Friday, September 23, 2011

Friday Forays in Fiction: Doodle!






 Doodling! I used to do it a lot. Before my first computer. Back then I also used to write all of my rough drafts in pencil because I was so afraid of making mistakes in ink, having to retype a page because I wanted to change a word or add a sentence. I was so conscious of wasted paper, ink and ribbon I couldn't bear not being able to erase.  And because I had my pencil hovering over the page as I thought it was natural to doodle.

 But word processors and their magic backspace, undo, redo, cut/paste, changed all of that.
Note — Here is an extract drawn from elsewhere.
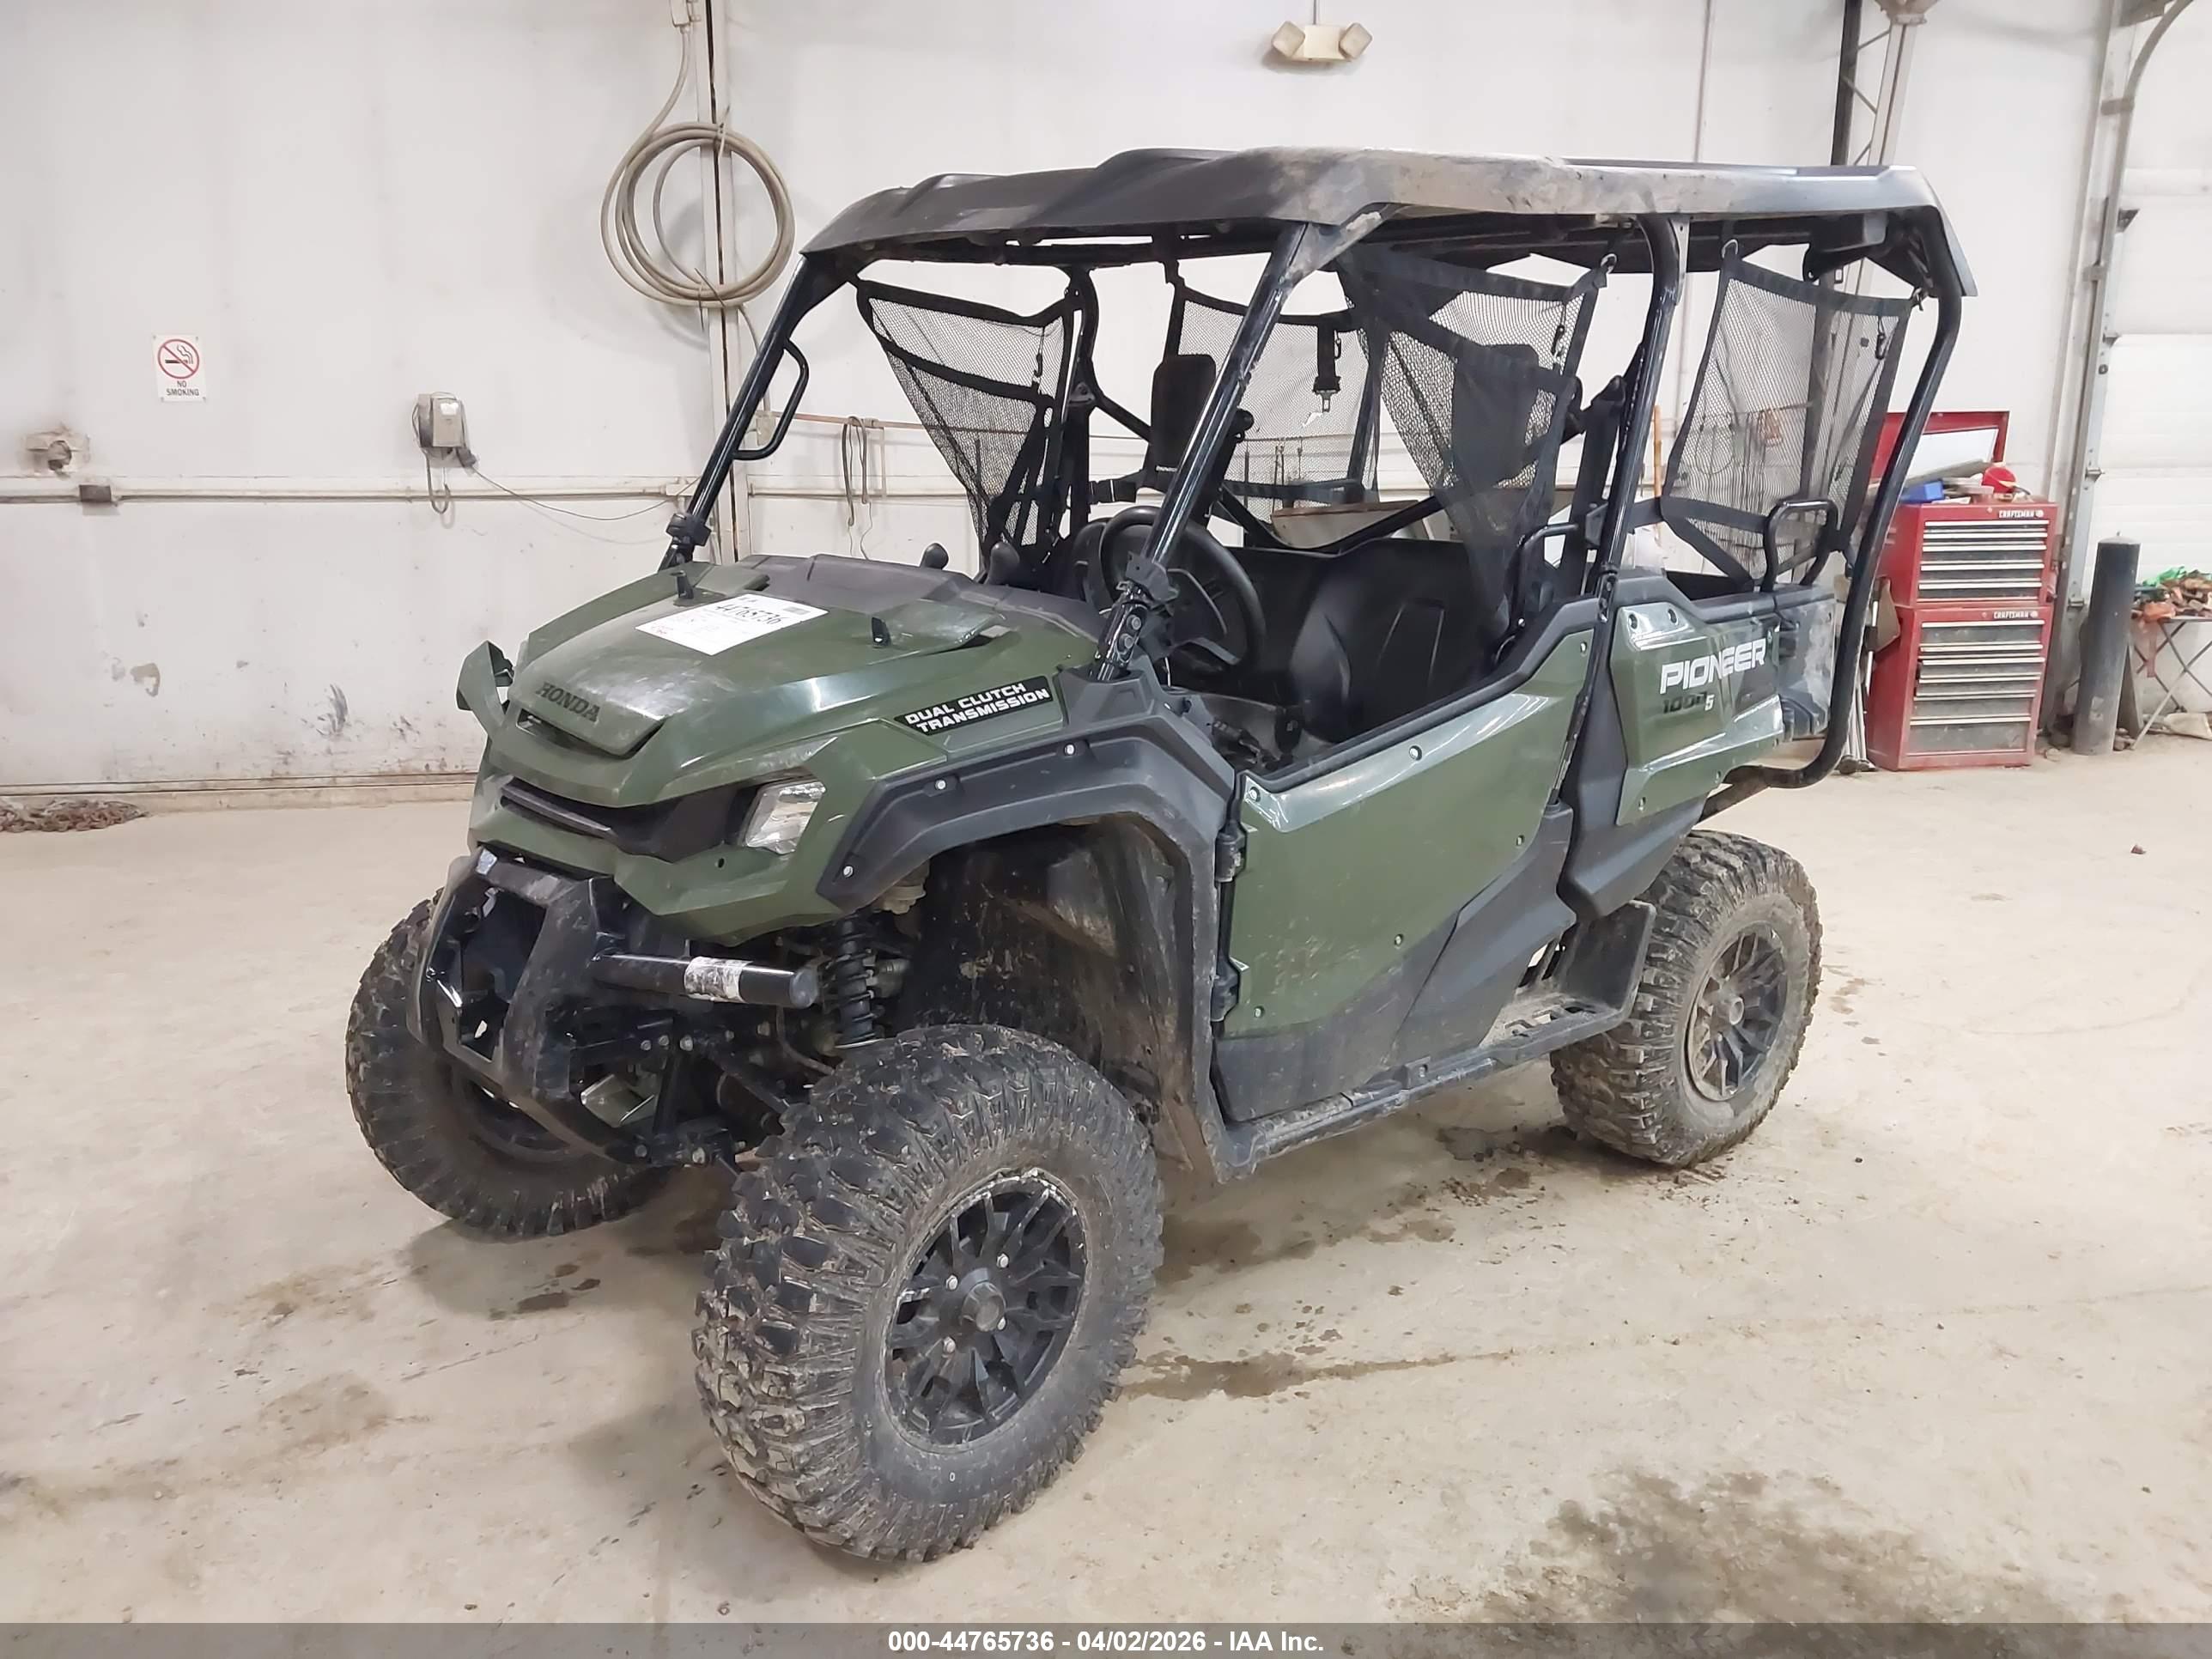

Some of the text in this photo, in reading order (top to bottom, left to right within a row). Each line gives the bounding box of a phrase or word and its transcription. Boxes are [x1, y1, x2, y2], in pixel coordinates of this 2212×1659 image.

[1660, 638, 1766, 694] PIONEER
[535, 681, 600, 722] HONDA
[905, 683, 1026, 725] DUAL CLUTCH
[916, 688, 1050, 732] TRANSMISSION
I began to live in front of the screen.  And those times when I stopped to think, instead of doodling I watched the blinking cursor or an animated screensaver.
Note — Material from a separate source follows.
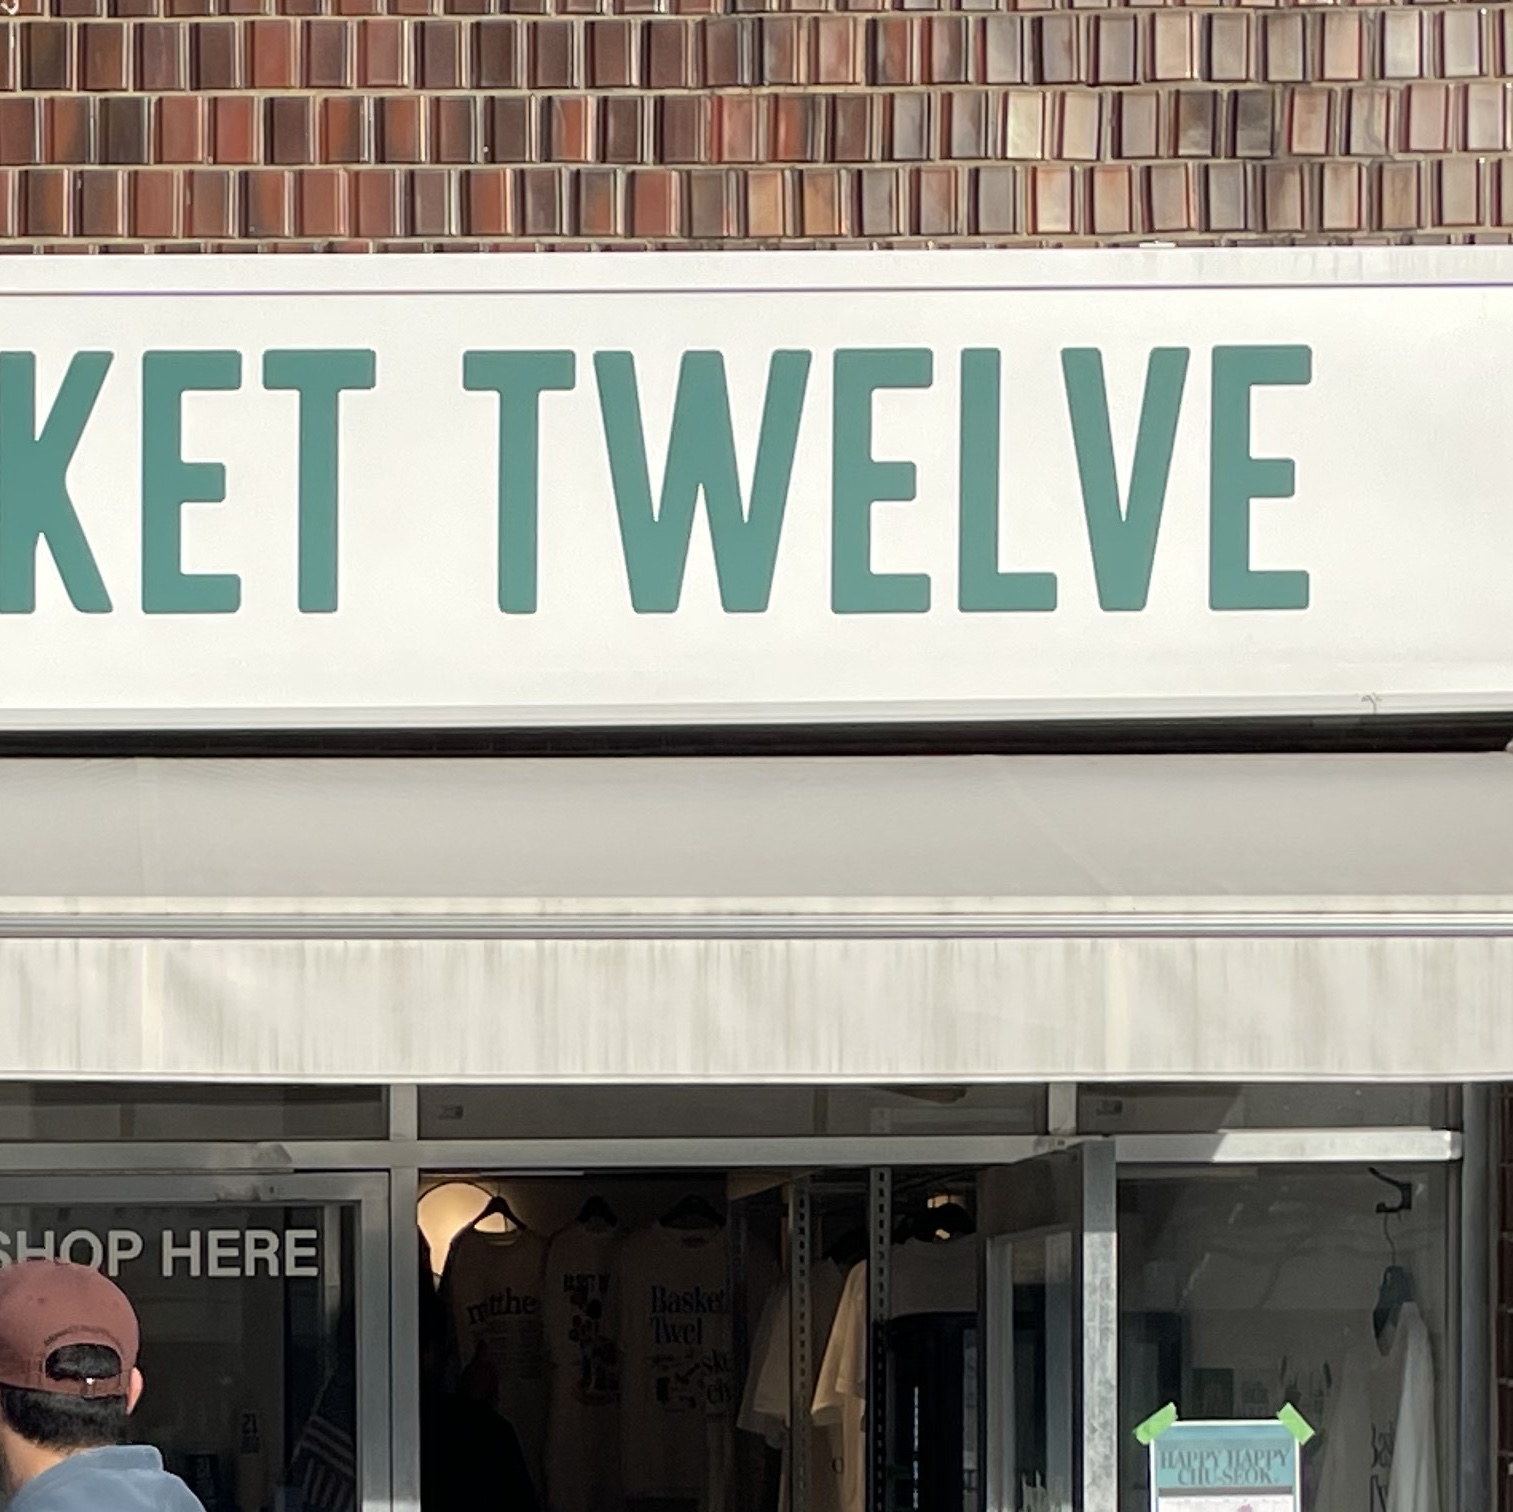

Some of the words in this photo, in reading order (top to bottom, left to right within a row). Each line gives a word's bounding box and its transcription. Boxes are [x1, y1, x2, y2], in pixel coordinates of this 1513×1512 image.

[462, 345, 1314, 614] TWELVE
[161, 1229, 320, 1278] HERE
[1159, 1449, 1221, 1469] HAPPY
[1222, 1448, 1289, 1469] HAPPY
Yes computers freed me from the hyper vigilant harpies that sit on my shoulder shoulding all over my pages.  It tripled my output in the first week!  And doubled that again within a month as I got over needing to immediately fix every mistake I noticed, knowing that I could do that anytime before I printed it.

I had begun to wonder recently if I had lost something significant when I stopped composing stories and essays on paper.  But the aspect of the doodling that got left behind as well had not been part of my wondering.  

Until I heard Sunni Brown speaking in this video over at TED.com.

While watching it I actually goosebumped as the realization hit me and the wave of memories.washed over me.  Before Sunni Brown was done speaking I was asking myself if maybe I shouldn't get out some doodle paper and as I imagined drawing mind maps of my story world or drafting out designs for bookmarks--especially the geometric designs for embroidery, cross stitch, and needlepoint--I wistfully thought how I liked to color code my notes and thus a mind map in black and white did not appeal much nor did drawing monochrome designs for the brightly colored bookmarks I have imagined.

Then I remembered the set of Sharpie's my sister gave me last summer and which I've only used a handful of times since and then usually for color coding some notes or label stickers.  All business in other words.

When I flashed on the memory of those Sharpies I had no idea that Sunni Brown was a representative of Sharpie, their resident doodle expert and leader of the revolution to de- 'criminalize' doodling.  I didn't learn this until after I had tried for an hour to embed that TED video in this post and being unable to fix whatever was in the code that broke my template, I headed over to YouTube to see if by chance they had put it up there.  

No.  But I found Sunni Brown in various other interviews and was trying to choose among them, but finding none of them as engaging as the one at TED.com, I couldn't get committed to any of  them.  Then I came across this gem and decided to use it and a link to the TED.com video with a strong recommendation to watch it.

In this video Sunni Brown debunks everything you thought you knew about doodling.  And she does it with humor and pzazz one usually associates with standup comedy.  She is one worked up lady.  She is the Joan of Arc of Doodledom.

She says doodling is not dumb or lazy or rude.  Teachers and chairmen of the boards should stop forbidding or frowning on it.  News journalists should stop using phrases like 'caught in the act' when the camera zooms in on the papers in front of a world leader busily moving pen across a page to find them *gasp* doodling! as this tends to reenforce the perception  that doodling is inappropriate behavior, almost criminal.

But inappropriate is the last thing it is according to Sunni Brown.  Her most salient point being that those who doodle while attending to some form of information intake will retain 39% more than those who do not.

How's them apples, Mrs Holland?!*

What does this have to do with Forays in Fiction you ask?  Well, if my brief reference to my once doodling on my story rough drafts went by too fast for you to notice it's relevance to the theme of these Friday posts, I'll mention it again.

Oh, I just did.

OK then.  All of this preamble for a very brief announcement:  I'm going to start doodling again and I'm going to doodle in ink and in technicolor.  I'm going to make it an integral part of prepping my NaNoWriMo novel in the one month and one week left and then during NaNo I'm going to spend part of every writing session doodling and also writing rough draft by hand.  Maybe not all the time in ink but at least occasionally I will dare to compose with a pen.

Maybe even a Sharpie.


____________________________
* Mrs Holland was my honors math, reading and science teacher in the second and third grade.  I blame her for 80% of my math anxiety and wasted paper fears shame.  She used to hand out large sheets of newsprint nearly the size of our desk in the last twenty minutes of class and ask us to draw a picture of what we had learned that day--usually some science experiment we had observed.  

I would always have lots of ideas and planned to cover the entire page but would always start in a narrow strip across the bottom and draw small so i would be able to fit it all in.  But I would inevitably run out of time and she would inevitably make some shaming remark about wasted paper when she collected mine.  

Then one day when she handed out the paper she gave me a strip only 3 inches high.  Even my nemesis at school, the one whose good graces were never bestowed on me and who seemed to delight in demeaning me--think Nellie Olson and Laura Ingles--even she, my Nellie, gave me a sympathetic look and commented on the way out of class how that was 'really mean'.